From Anton Ertl@21:1/5 to minforth on Fri Jul 11 07:02:05 2025

minforth <[email protected]> writes:

Am 10.07.2025 um 21:33 schrieb Paul Rubin:
Kahan was also overly critical of dynamic Unum/Posit formats.

Time has shown that he was partially wrong: >https://spectrum.ieee.org/floating-point-numbers-posits-processor

What is supposed to be partially wrong?

FP numbers have a number of not-so-nice properties, and John L,
Gustafson uses that somewhat successfully to sell his alternatives to
the gullible. The way to do that is to give some examples where
traditional FP numbers fail and his alternative under consideration
works.

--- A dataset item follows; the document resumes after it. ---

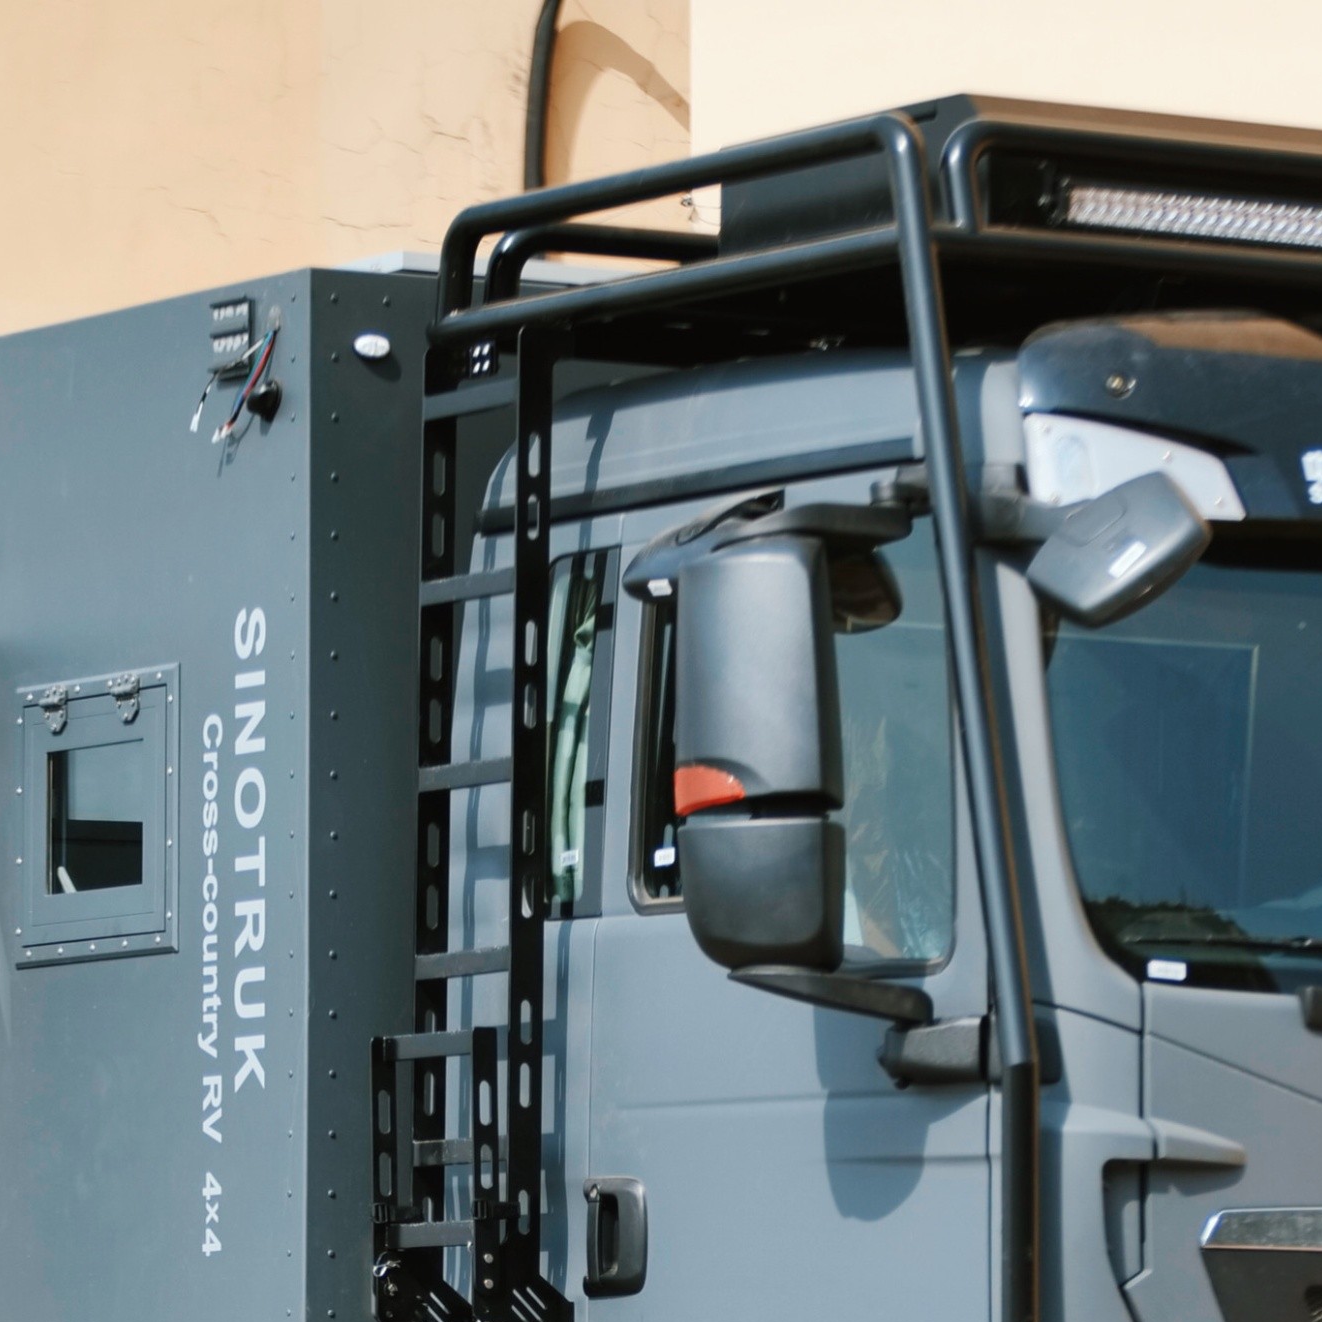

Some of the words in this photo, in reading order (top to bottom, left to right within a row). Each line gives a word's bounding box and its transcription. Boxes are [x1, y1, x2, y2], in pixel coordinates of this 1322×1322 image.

[197, 712, 224, 1059] Cross-country
[233, 605, 268, 1093] SINOTRUK
[200, 1074, 224, 1145] RV

I have looked at a (IIRC) slide deck by Kahan where he shows
examples where the altenarnative by Gustafson (don't remember which
one he looked at in that slide deck) fails and traditional FP numbers
work.

Where does that leave us? Kahan makes the good argument that
numerical analysts have worked out techniques to deal with the
shortcomings of traditional FP numbers for over 70 years. For
Gustafson's number formats these techniques are not applicable; maybe
one can find new ones for these number formats, but that's not clear.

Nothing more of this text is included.